Recorded data -
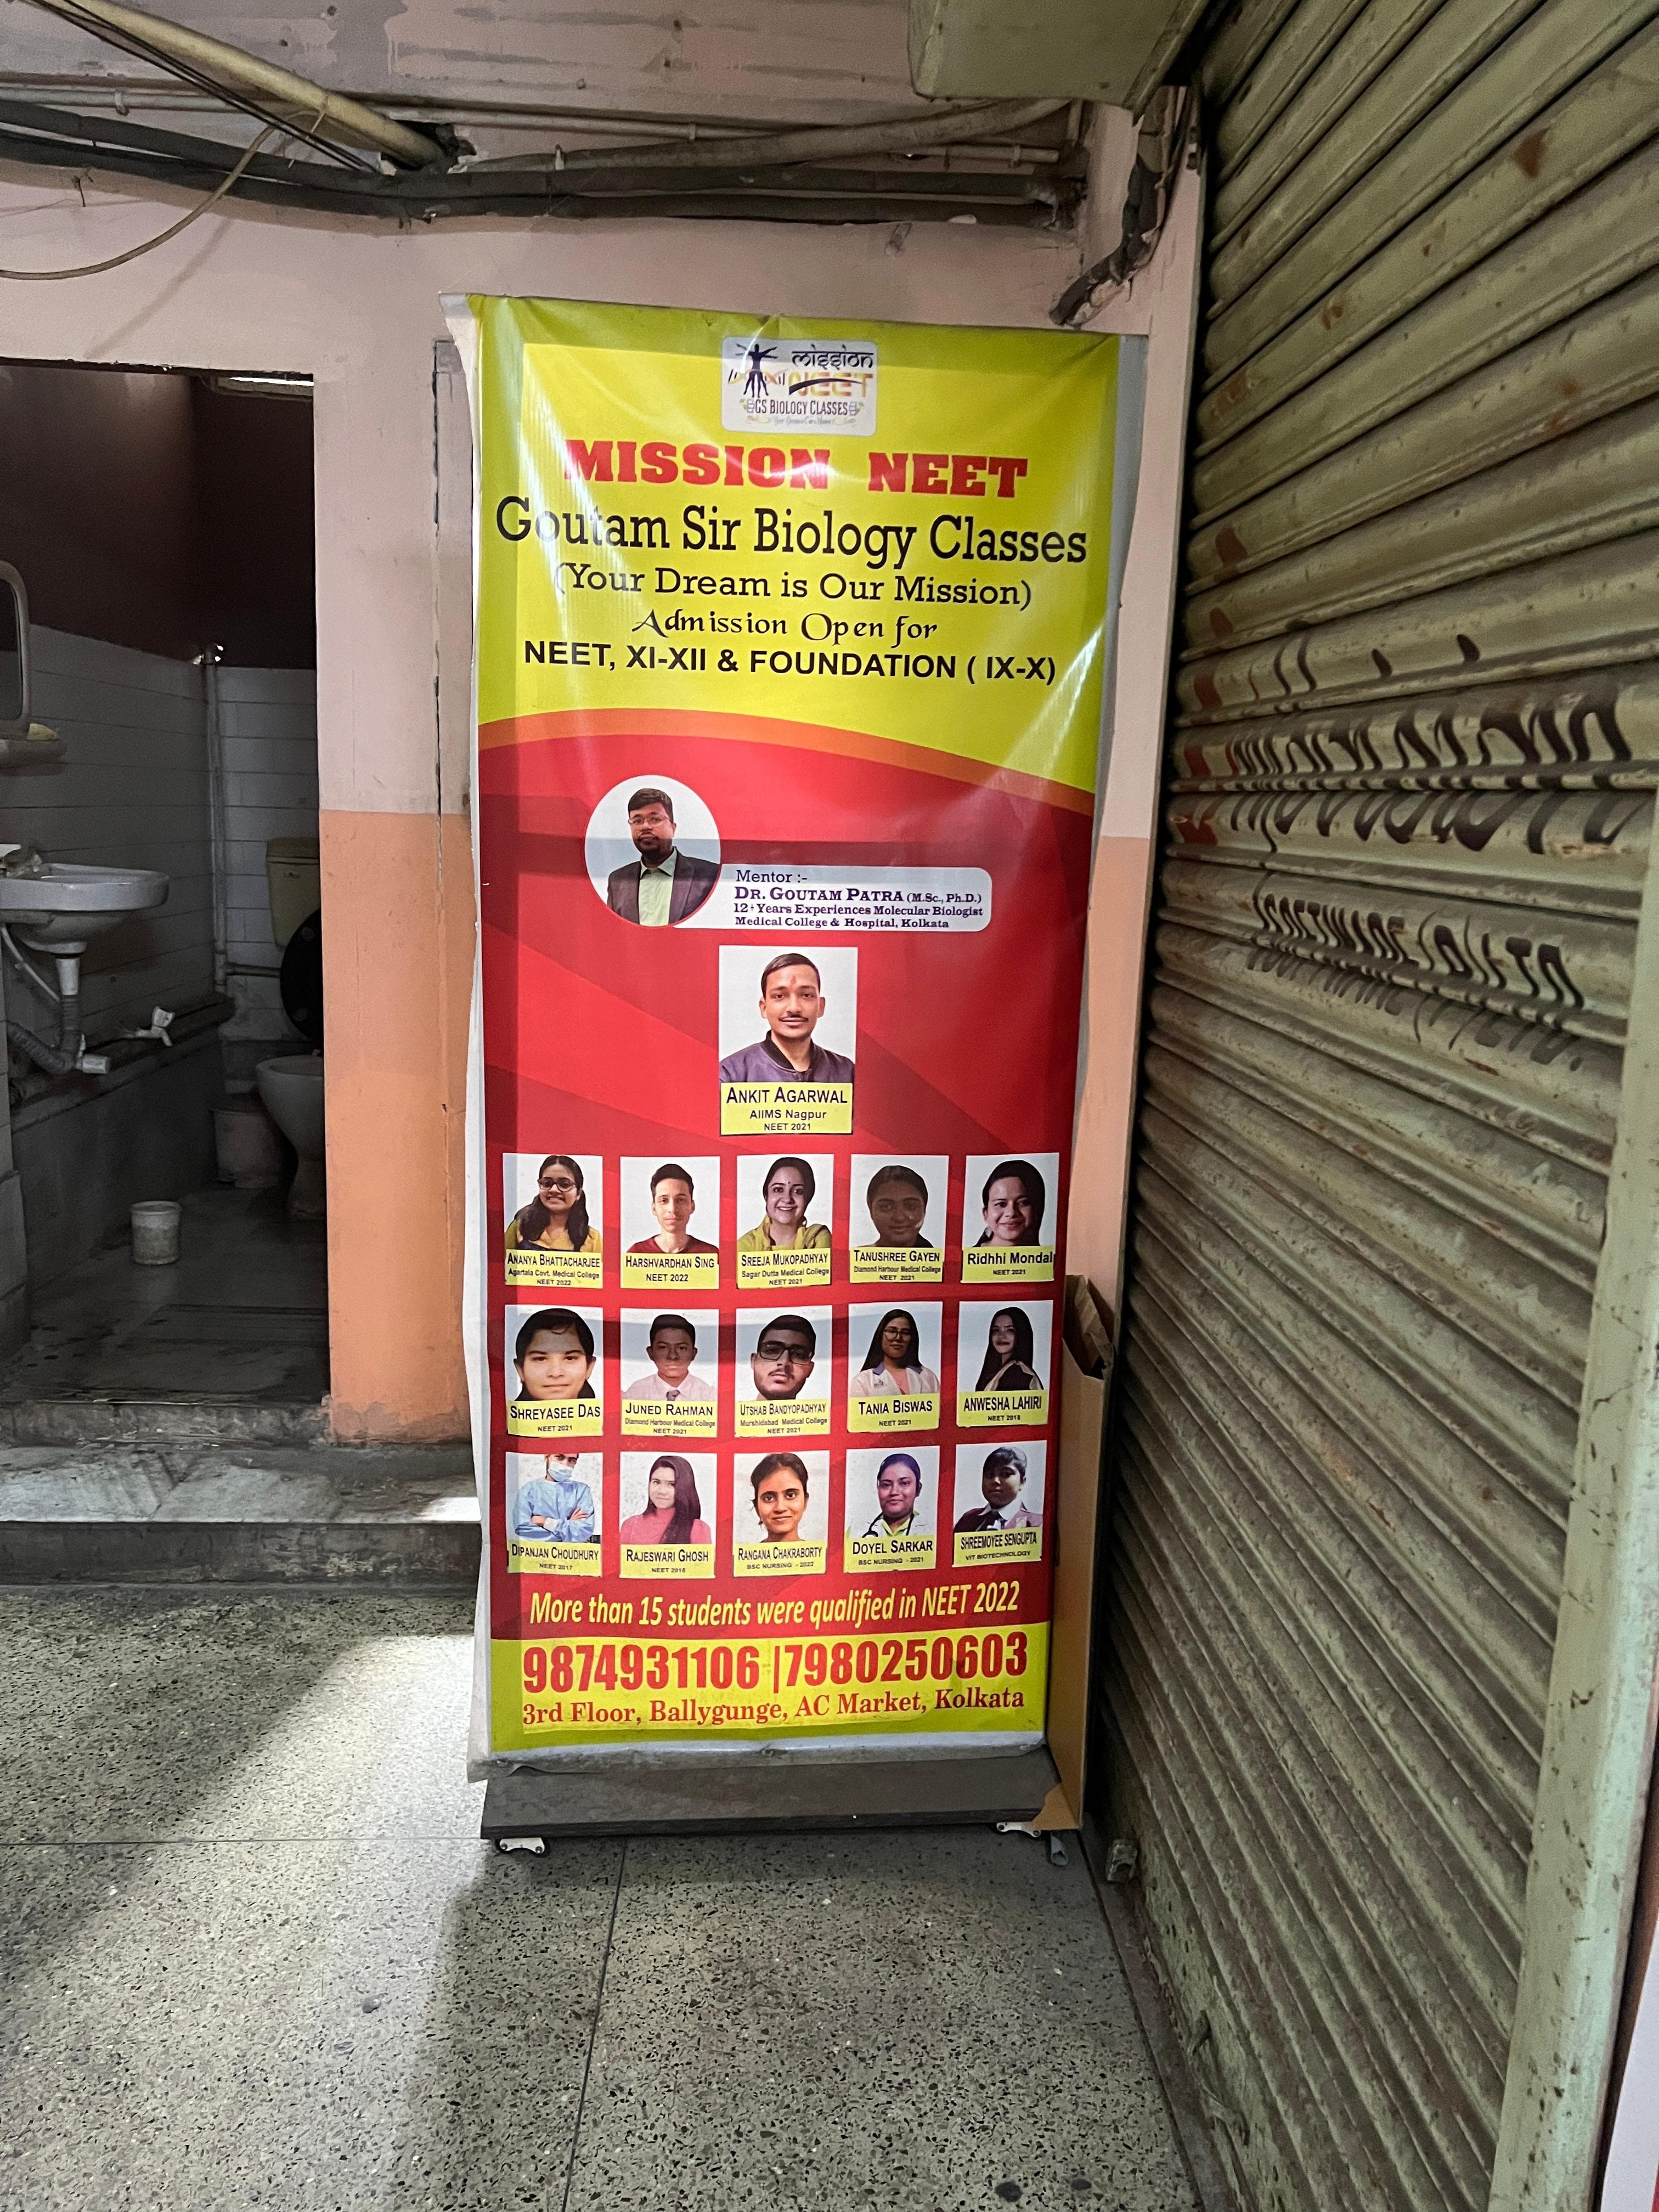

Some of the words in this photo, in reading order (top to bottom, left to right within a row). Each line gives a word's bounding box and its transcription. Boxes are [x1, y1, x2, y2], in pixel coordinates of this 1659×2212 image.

[792, 344, 873, 370] mission
[755, 399, 767, 414] GS
[770, 400, 808, 415] BIOLOGY
[810, 401, 848, 416] CLASSES
[565, 439, 830, 489] MISSION
[868, 453, 1028, 498] NEET
[496, 497, 670, 548] Goutam
[683, 505, 741, 550] Sir
[754, 507, 917, 569] Biology
[929, 514, 1087, 563] Classes
[556, 562, 645, 595] (Your
[654, 567, 771, 596] Dream
[780, 572, 806, 598] is
[819, 573, 881, 601] Our
[893, 576, 1032, 611] Mission)
[632, 608, 787, 638] Admission
[801, 612, 884, 646] Open
[891, 613, 938, 649] for
[524, 640, 615, 669] NEET,
[626, 645, 706, 671] XI-XII
[717, 649, 739, 673] &
[750, 650, 957, 679] FOUNDATION
[986, 657, 1056, 684] IX-X)
[736, 870, 792, 883] Mentor
[798, 873, 808, 883] :-
[734, 887, 766, 900] DR.
[770, 887, 842, 901] GOUTAM
[847, 888, 904, 902] PATRA
[946, 893, 982, 904] Ph.D.)
[794, 905, 871, 917] Experiences
[874, 906, 930, 916] Molecular
[932, 906, 983, 918] Biologist
[735, 917, 782, 926] Medical
[785, 917, 827, 928] College
[830, 919, 839, 927] &
[845, 918, 899, 929] Hospital,
[901, 918, 949, 928] Kolkata
[726, 1087, 770, 1103] ANKIT
[774, 1086, 848, 1103] AGARWAL
[786, 1110, 827, 1121] Nagpur
[507, 1252, 537, 1265] ANANYA
[540, 1254, 600, 1268] BHATTACHARJEE
[625, 1256, 692, 1268] HARSHVARDHAN
[695, 1256, 715, 1268] SING
[741, 1254, 770, 1267] SREEJA
[772, 1252, 828, 1266] MUKOPADHYAY
[854, 1250, 905, 1262] TANUSHREE
[909, 1250, 940, 1262] GAYEN
[968, 1252, 1006, 1265] Ridhhi
[1010, 1251, 1053, 1264] Mondal
[577, 1271, 600, 1279] College
[646, 1273, 668, 1282] NEET
[670, 1273, 689, 1282] 2022
[742, 1271, 760, 1279] Sagar
[510, 1405, 574, 1420] SHREYASEE
[578, 1403, 601, 1418] DAS
[625, 1402, 662, 1415] JUNED
[666, 1403, 713, 1416] RAHMAN
[741, 1403, 767, 1416] UTSHAB
[769, 1402, 826, 1415] BANDYOPADHYAY
[859, 1401, 889, 1415] TANIA
[893, 1400, 933, 1414] BISWAS
[963, 1396, 1010, 1412] ANWESHA
[1012, 1396, 1042, 1410] LAHIRI
[740, 1418, 778, 1426] Murshidabad
[806, 1417, 827, 1425] College
[853, 1541, 887, 1555] DOYEL
[890, 1539, 933, 1553] SARKAR
[961, 1534, 1003, 1550] SHREEMOYEE
[1005, 1532, 1037, 1546] SENGUPTA
[512, 1543, 549, 1559] DIPANJAN
[551, 1546, 599, 1561] CHOUDHURY
[627, 1549, 675, 1562] RAJESWARI
[679, 1549, 709, 1562] GHOSH
[738, 1548, 771, 1561] RANGANA
[773, 1545, 822, 1560] CHAKRABORTY
[977, 1550, 1031, 1560] BIOTECHNOLOGY
[529, 1591, 584, 1624] More
[588, 1593, 634, 1625] than
[639, 1595, 662, 1626] 15
[668, 1595, 751, 1626] students
[757, 1599, 803, 1625] were
[808, 1591, 895, 1629] qualified
[899, 1589, 918, 1618] in
[921, 1584, 967, 1617] NEET
[974, 1581, 1020, 1613] 2022
[523, 1644, 760, 1694] 9874931106
[523, 1703, 563, 1726] 3rd
[570, 1702, 642, 1725] Floor,
[650, 1700, 788, 1727] Ballygunge,
[794, 1695, 830, 1716] AC
[836, 1690, 927, 1716] Market,
[934, 1686, 1025, 1709] Kolkata

Exercise description -
Report every line containing the string "NEET" in the material.

The answer -
[868, 453, 1028, 498] NEET
[524, 640, 615, 669] NEET,
[646, 1273, 668, 1282] NEET
[921, 1584, 967, 1617] NEET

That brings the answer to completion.